• [Problem] Reproduce verbatim all of the data given below, but do not carry over the images.
===== Source material
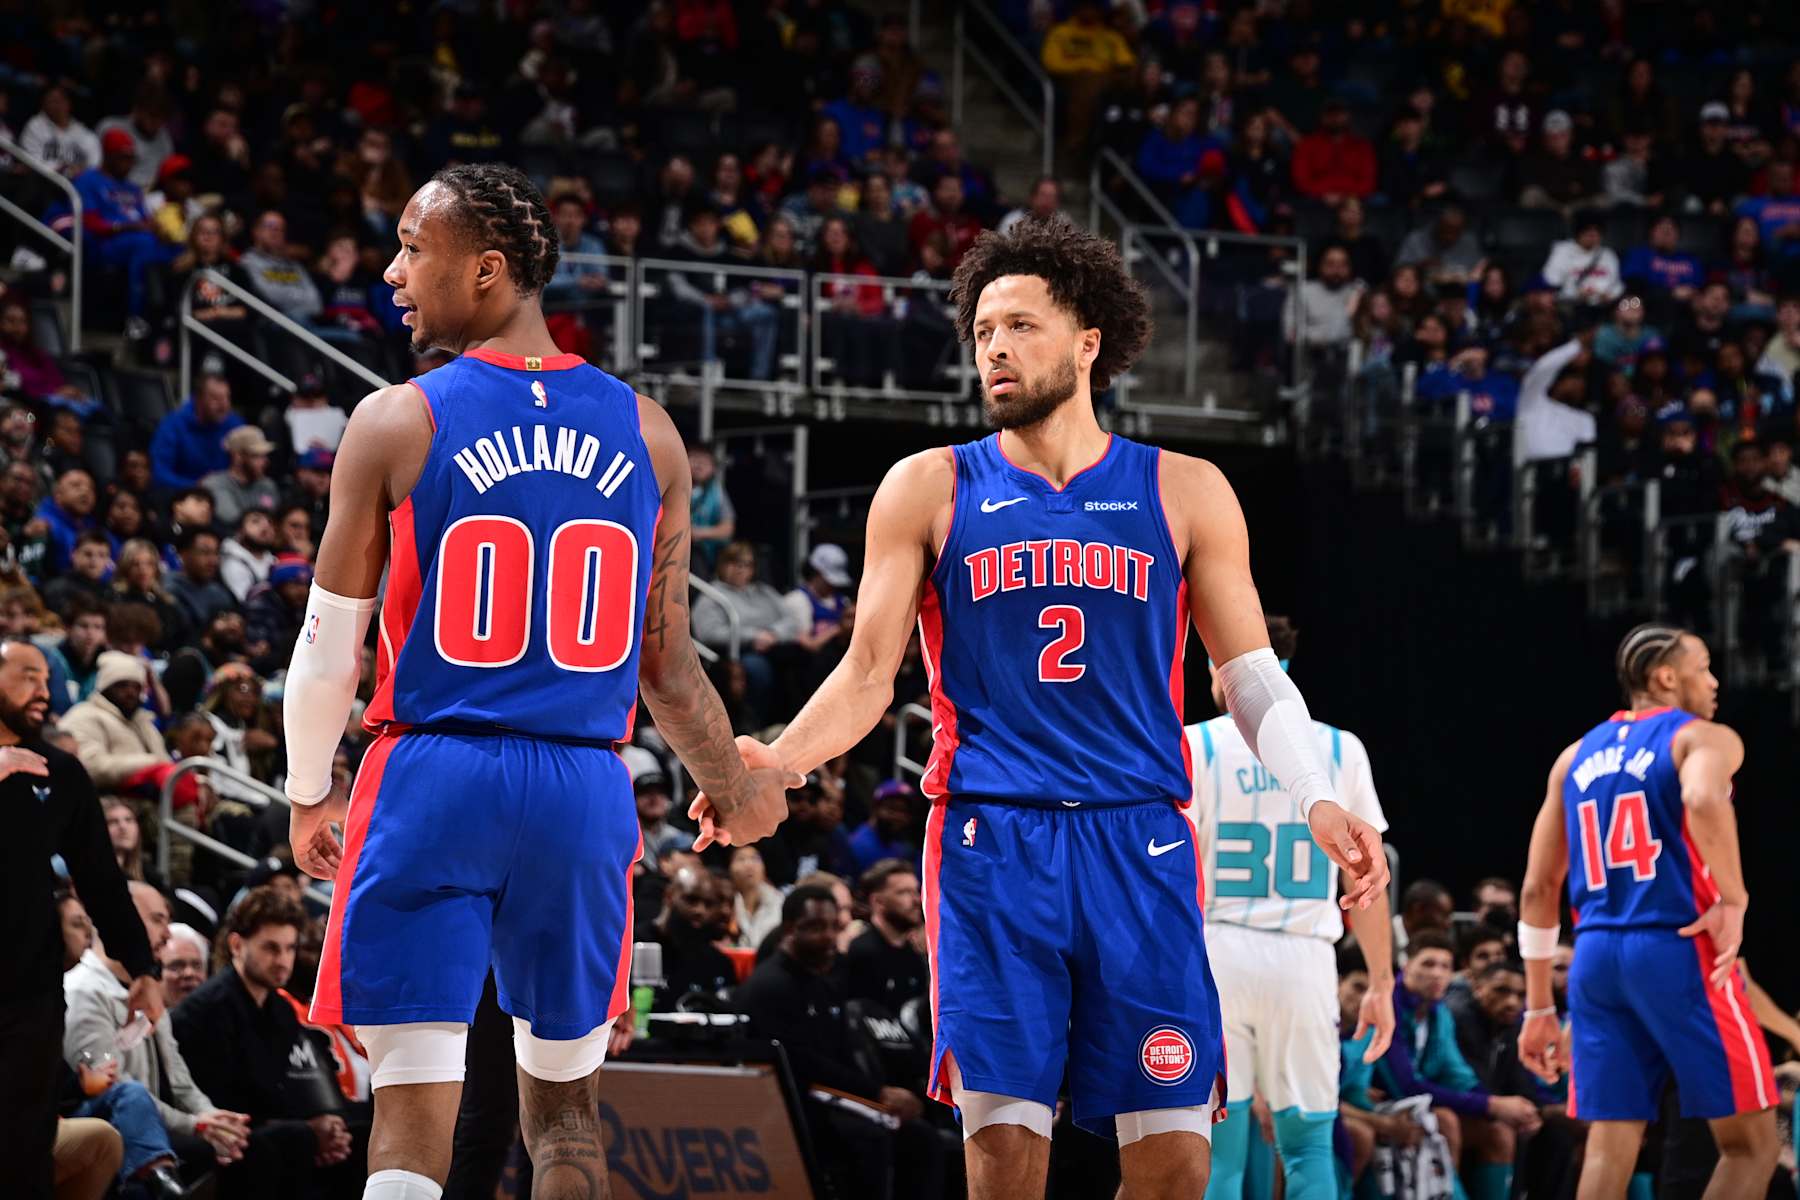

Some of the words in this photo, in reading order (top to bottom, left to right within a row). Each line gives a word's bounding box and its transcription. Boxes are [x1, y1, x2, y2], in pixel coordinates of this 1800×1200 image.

[453, 424, 600, 495] HOLLAND
[595, 450, 635, 499] II
[1084, 500, 1138, 511] StockX
[433, 514, 639, 673] 00
[964, 538, 1155, 602] DETROIT
[1038, 604, 1087, 683] 2
[1215, 822, 1330, 900] 30
[1577, 789, 1663, 892] 14
[1149, 1044, 1184, 1056] DETROIT
[1150, 1055, 1185, 1065] PISTONS
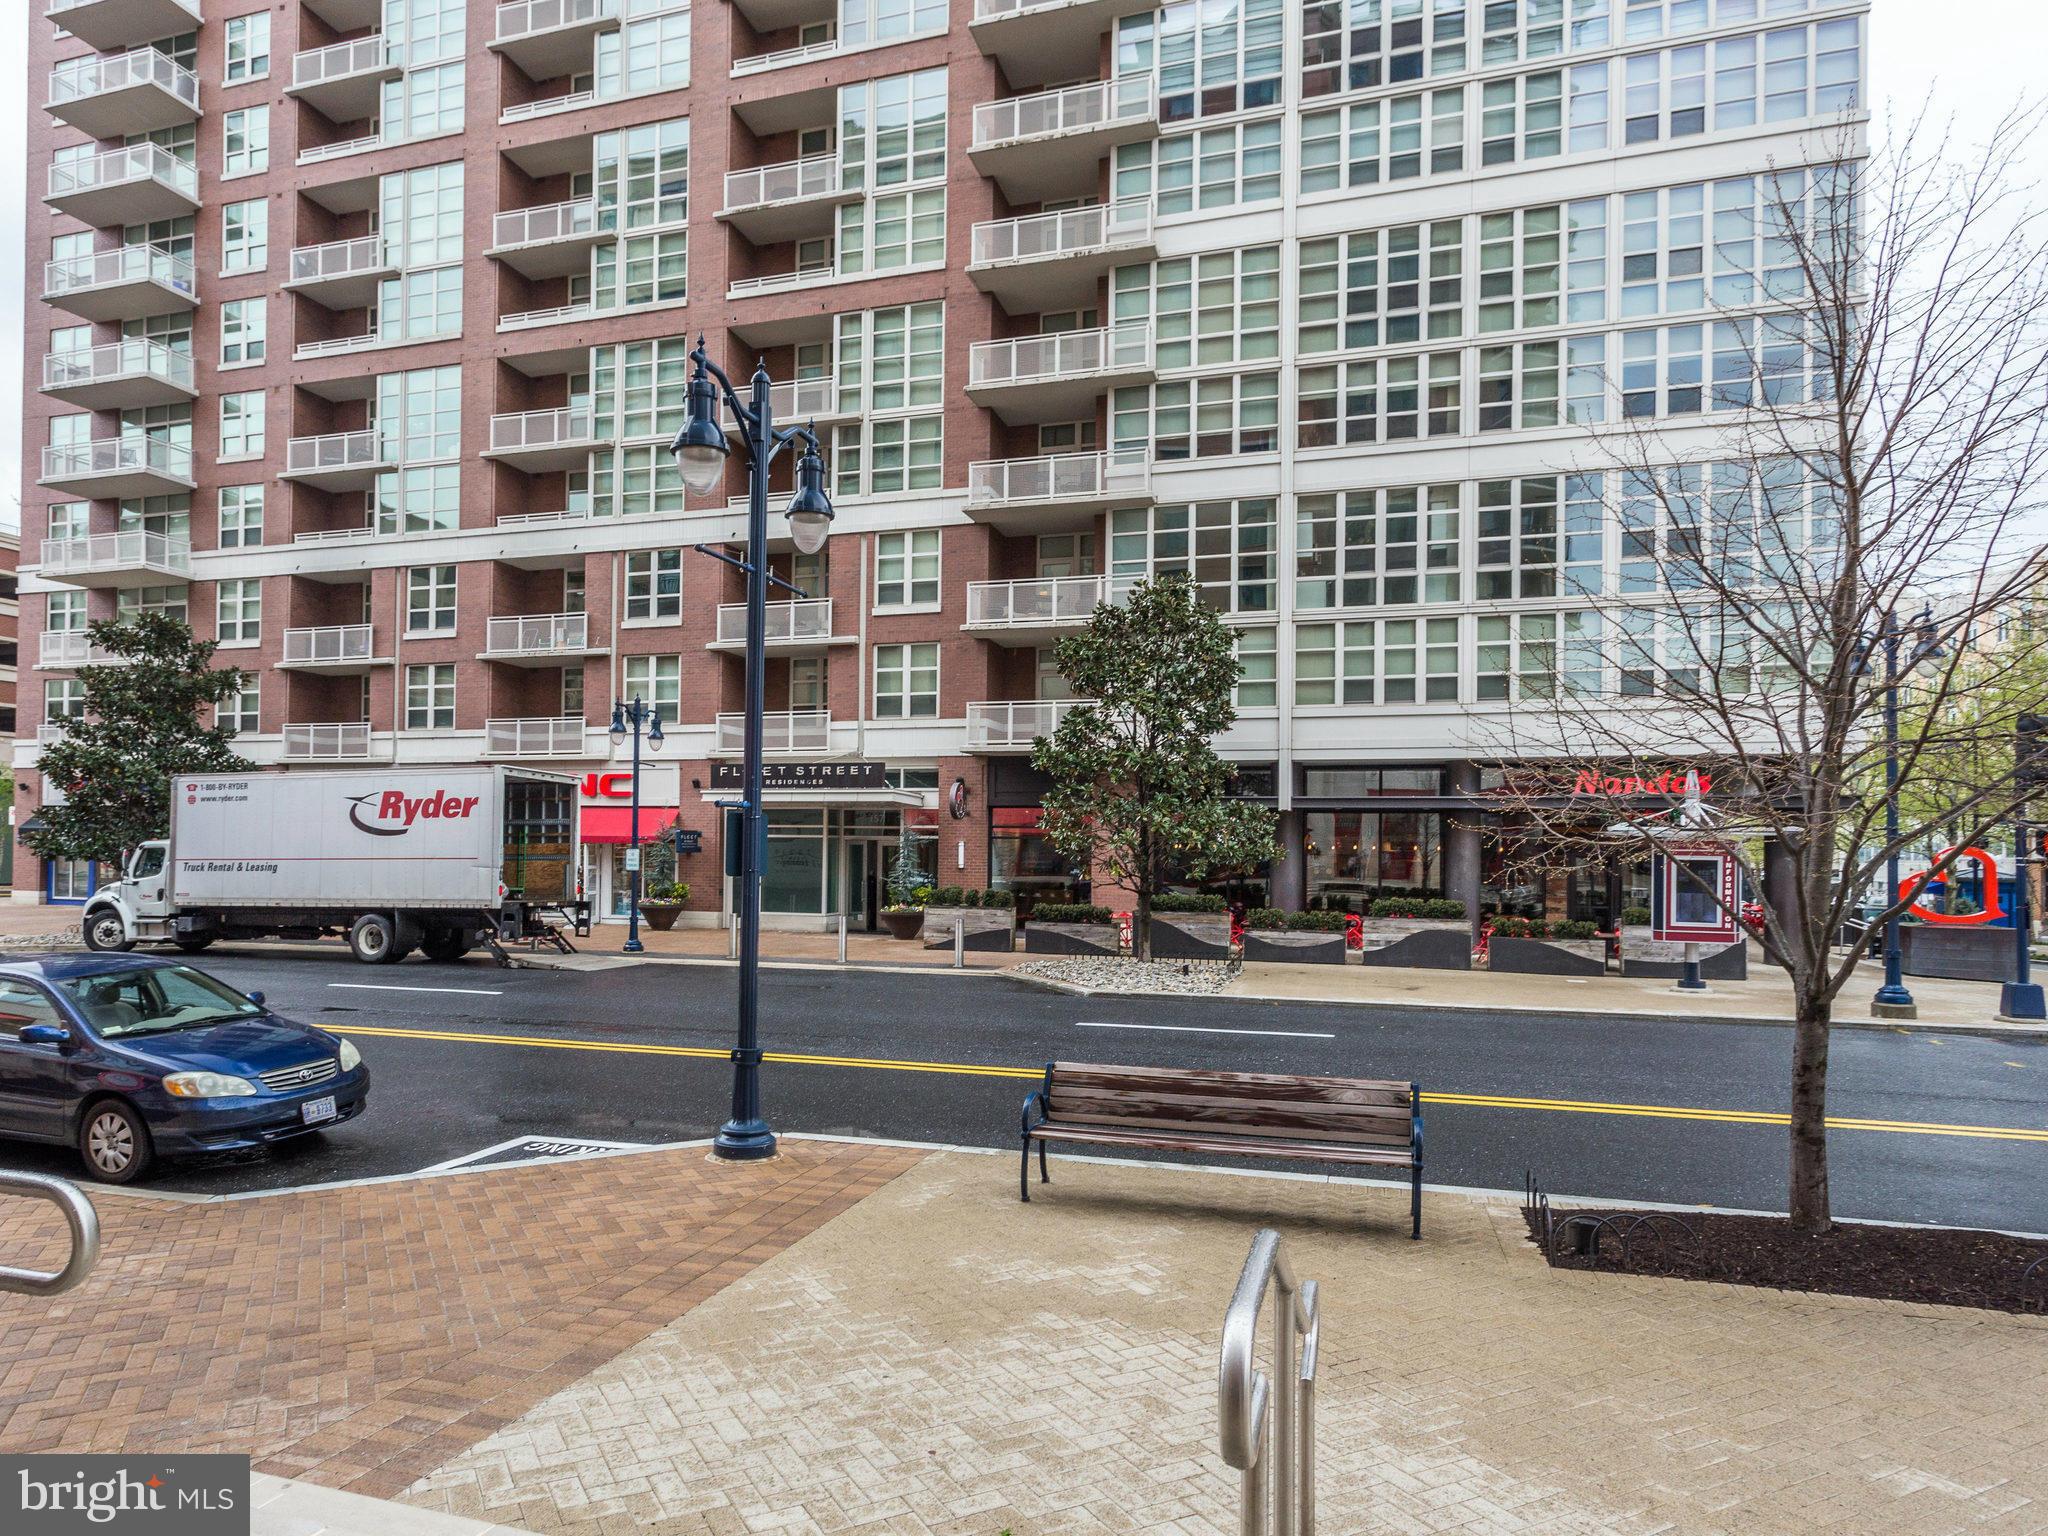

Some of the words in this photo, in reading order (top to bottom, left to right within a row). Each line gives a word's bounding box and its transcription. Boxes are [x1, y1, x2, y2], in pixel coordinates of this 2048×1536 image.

[719, 766, 786, 777] FLET
[795, 765, 873, 776] STREET
[200, 782, 249, 791] 1-800-BY-RYDER
[200, 794, 248, 803] www.ryder.com
[378, 790, 480, 825] Ryder
[183, 862, 205, 872] Truck
[207, 862, 234, 872] Rental
[236, 862, 243, 872] &
[245, 862, 278, 874] Leasing
[1724, 855, 1732, 929] INFORMATON
==========
• [Problem solution]
Some of the words in this photo, in reading order (top to bottom, left to right within a row). Each line gives a word's bounding box and its transcription. Boxes are [x1, y1, x2, y2], in pixel coordinates of this 1800×1200 image.

[453, 424, 600, 495] HOLLAND
[595, 450, 635, 499] II
[1084, 500, 1138, 511] StockX
[433, 514, 639, 673] 00
[964, 538, 1155, 602] DETROIT
[1038, 604, 1087, 683] 2
[1215, 822, 1330, 900] 30
[1577, 789, 1663, 892] 14
[1149, 1044, 1184, 1056] DETROIT
[1150, 1055, 1185, 1065] PISTONS

Some of the words in this photo, in reading order (top to bottom, left to right within a row). Each line gives a word's bounding box and its transcription. Boxes are [x1, y1, x2, y2], in pixel coordinates of this 2048×1536 image.

[719, 766, 786, 777] FLET
[795, 765, 873, 776] STREET
[200, 782, 249, 791] 1-800-BY-RYDER
[200, 794, 248, 803] www.ryder.com
[378, 790, 480, 825] Ryder
[183, 862, 205, 872] Truck
[207, 862, 234, 872] Rental
[236, 862, 243, 872] &
[245, 862, 278, 874] Leasing
[1724, 855, 1732, 929] INFORMATON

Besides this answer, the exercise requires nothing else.